Absent depuis le début de la saison en raison d’une blessure aux ischiojambiers subie durant le camp d’entraînement, Patrice Bernier a pu accumuler ses premières minutes de jeu samedi dernier, à Seattle.

Fier compétiteur, le Brossardois n’était pas peu soulagé de renouer avec l’action.

«Sur le plan personnel, ça fait du bien de retrouver les sensations de match, l’ambiance d’un stade, l’adrénaline, assurait Bernier après l’entraînement d’hier, au Stade olympique. Ça permet de voir où se situe ton niveau de forme.»

En bon vétéran, Bernier sait qu’il ne sert à rien de précipiter un retour au jeu, surtout quand la profondeur de l’équipe le permet.

«Nous avons déjà quelques blessés en ce début de championnat, et l’équipe performe tout de même bien, rien ne presse. Nous avons une belle profondeur, ce qui donne une bonne marge de manœuvre à l’entraîneur.»

Après avoir rongé son frein une bonne partie de la saison dernière, boycotté par Frank Klopas, le numéro 8 a vécu une renaissance avec l’arrivée de Mauro Biello, pour terminer l’année 2015 en force. Bien sûr, il aurait préféré poursuivre sur cette lancée en ce début de saison, mais Bernier reste positif.

«On ne veut jamais commencer une saison de la sorte. Après cinq semaines sur le carreau, on repart à zéro. Ce sont les dures réalités du football, mais je le prends comme un défi : je veux revenir au niveau de l’an dernier rapidement.»

«On réalise ce qu’on a accompli l’an dernier, on sait qu’on n’est pas loin. Ce groupe a une sensation d’inachevé.» – Patrice Bernier

La fin de saison 2015 de l’Impact a révélé tout le potentiel de ce groupe, autour duquel flotte une belle confiance qui se mêle à un certain sentiment d’urgence. Le capitaine montréalais le résume parfaitement.

«Je suis dans mes dernières années. Je ne peux pas me permettre d’avoir une vision à moyen terme du succès. Je veux gagner maintenant et laisser un héritage gagnant. Avec ce groupe, on a une belle opportunité et on ne veut pas avoir de regrets. On est dans le présent et on sait qu’on est de plus en plus redoutés dans cette ligue. On veut accomplir quelque chose de spécial.»

Bien qu’elle ait probablement coûté quelques points au classement, Bernier est d’avis que l’absence de Didier Drogba en début de saison a peut-être été un mal pour un bien.
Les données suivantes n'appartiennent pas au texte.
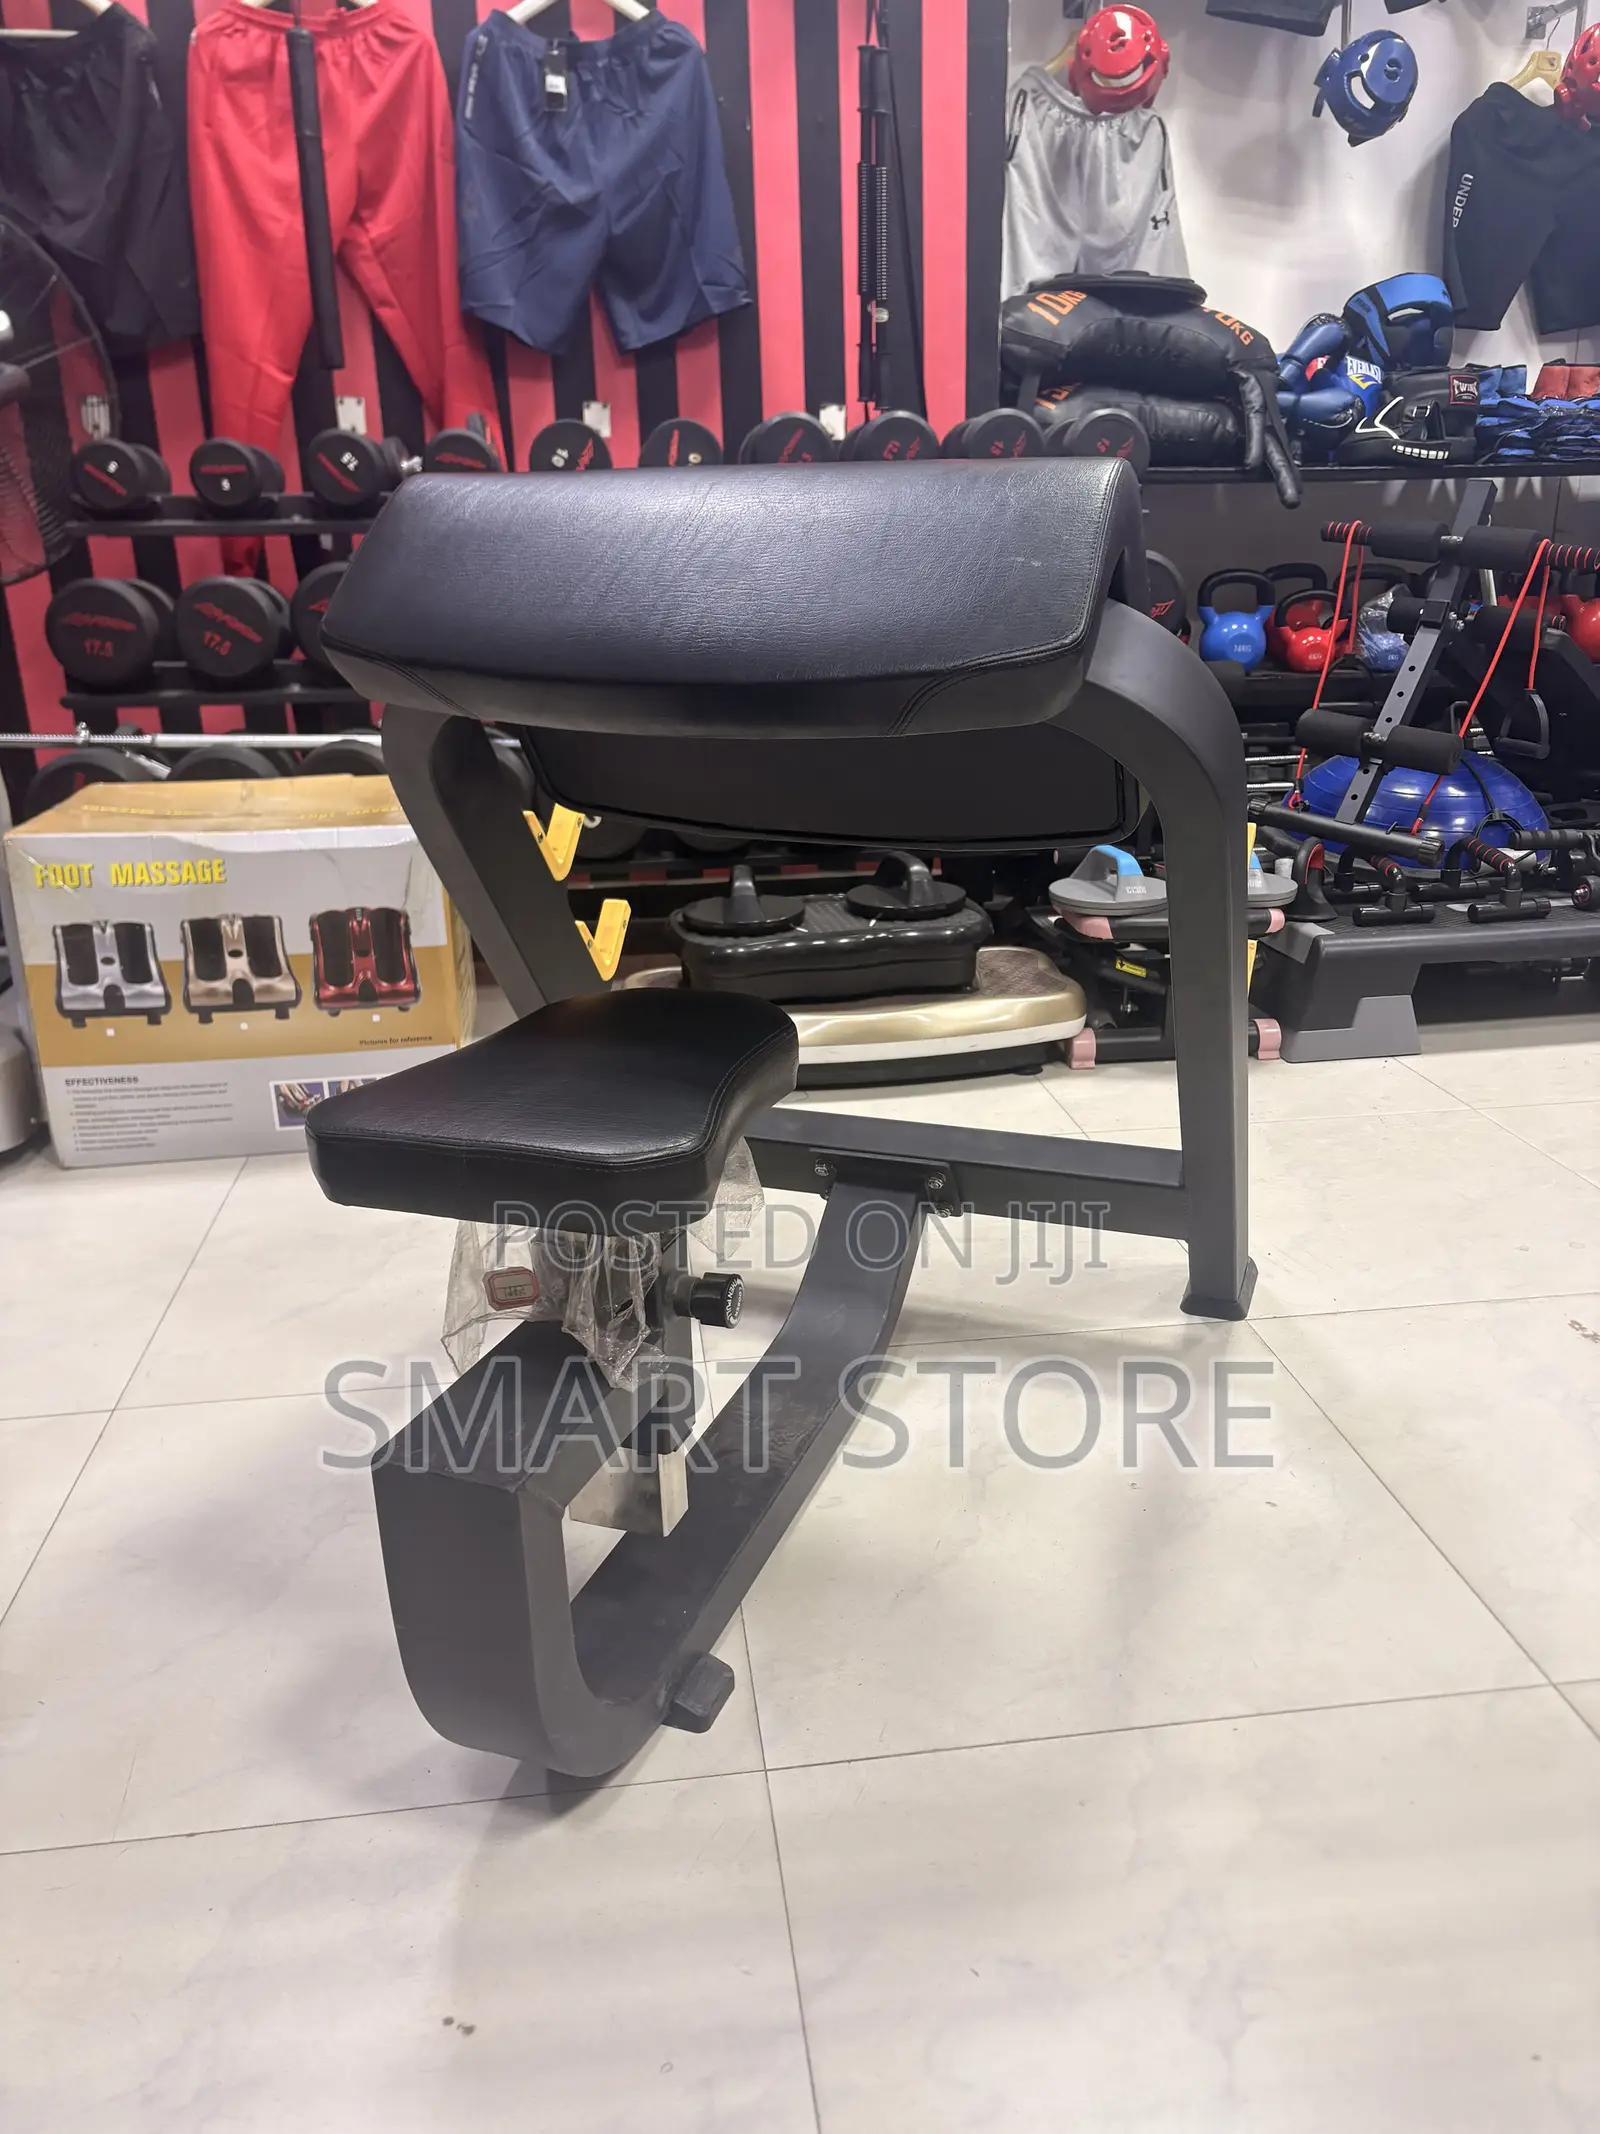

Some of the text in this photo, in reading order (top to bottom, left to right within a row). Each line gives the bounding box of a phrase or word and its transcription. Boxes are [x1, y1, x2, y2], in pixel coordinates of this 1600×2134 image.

[1203, 307, 1254, 346] 0KG
[34, 858, 227, 889] FOOT MASSAGE
[65, 1076, 139, 1087] EFFECTIVENESS
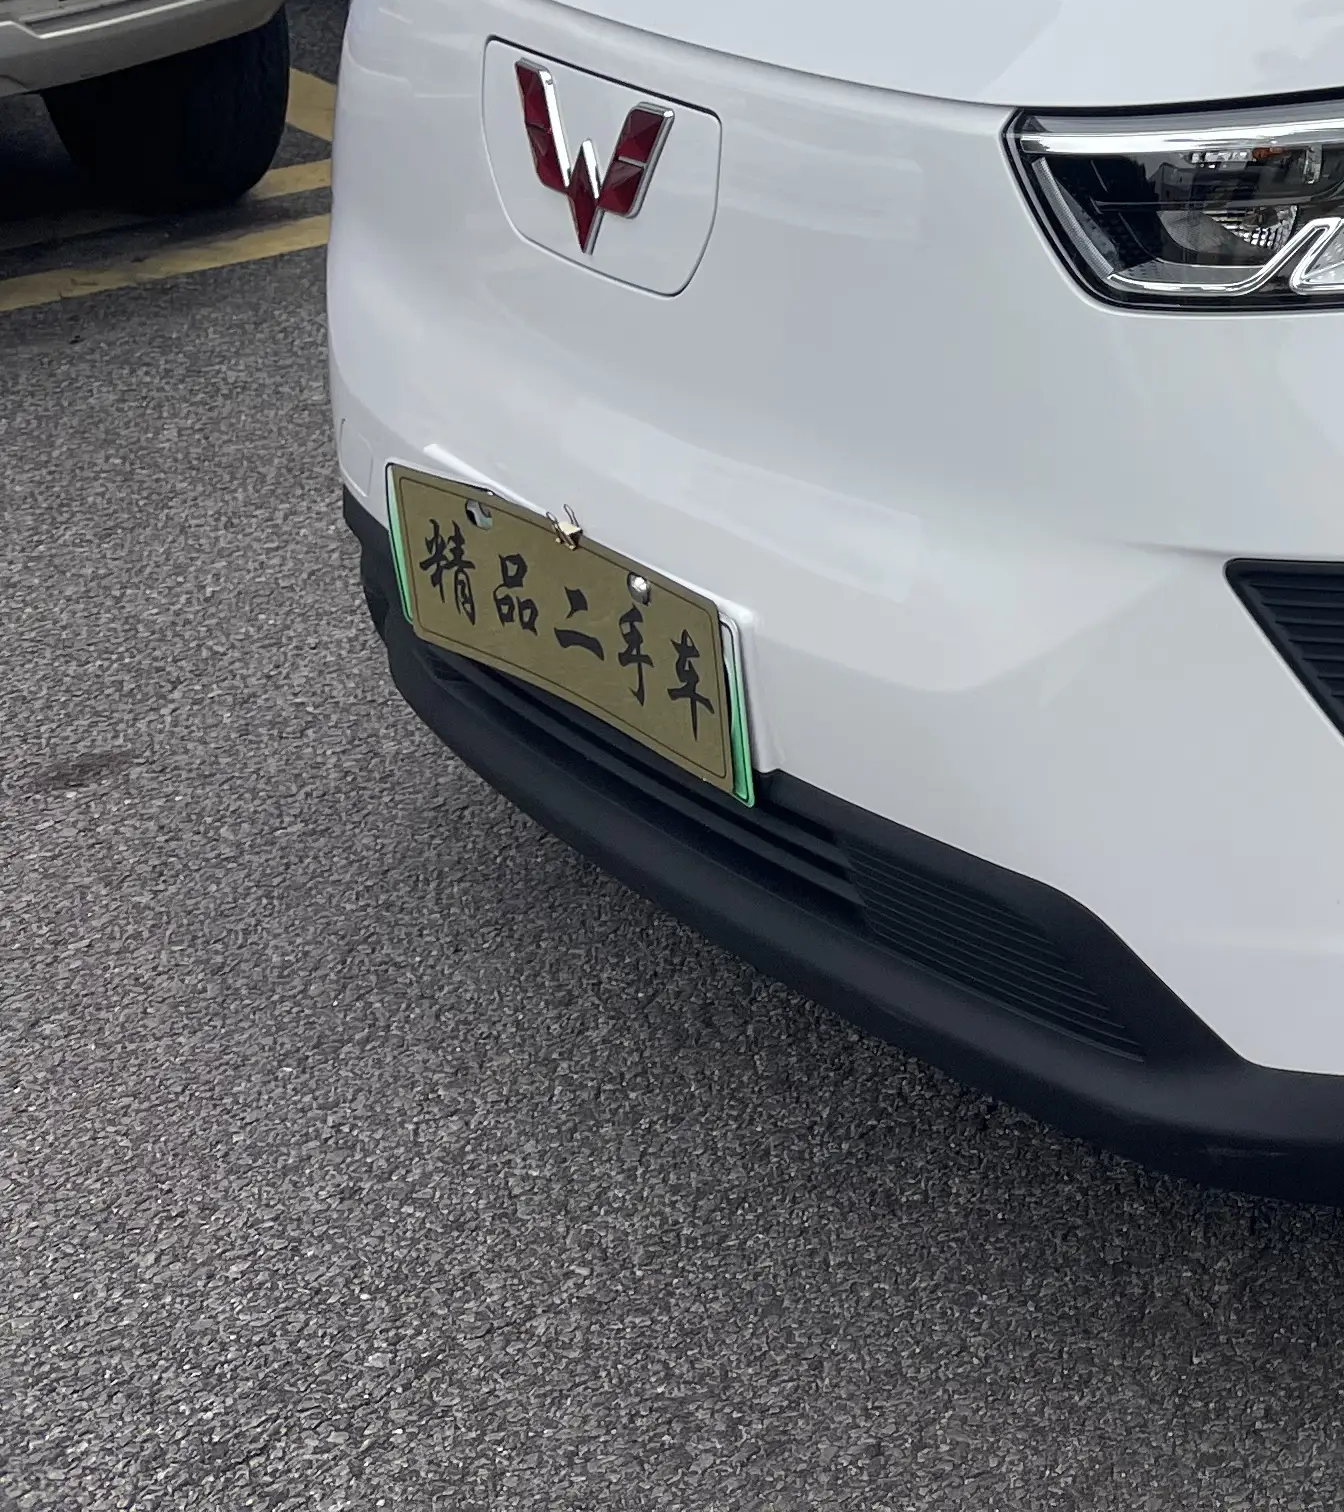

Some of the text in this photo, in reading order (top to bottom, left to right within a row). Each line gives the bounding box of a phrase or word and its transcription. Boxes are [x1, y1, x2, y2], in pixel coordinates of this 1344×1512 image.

[419, 518, 715, 741] 精品二手车
«Ç’a été un bon test pour notre caractère. Il y a beaucoup de gens qui doutaient de nos capacités à bien faire sans Drogba. Je crois qu’on a su montrer la fibre de cette équipe et que les bases sont solides, peu importe qui est dans l’effectif.»

Ce samedi, à 16 h, l’Impact reçoit au Stade olympique son tombeur des séries 2015, le Crew de Columbus, dans un affrontement aux arômes de revanche.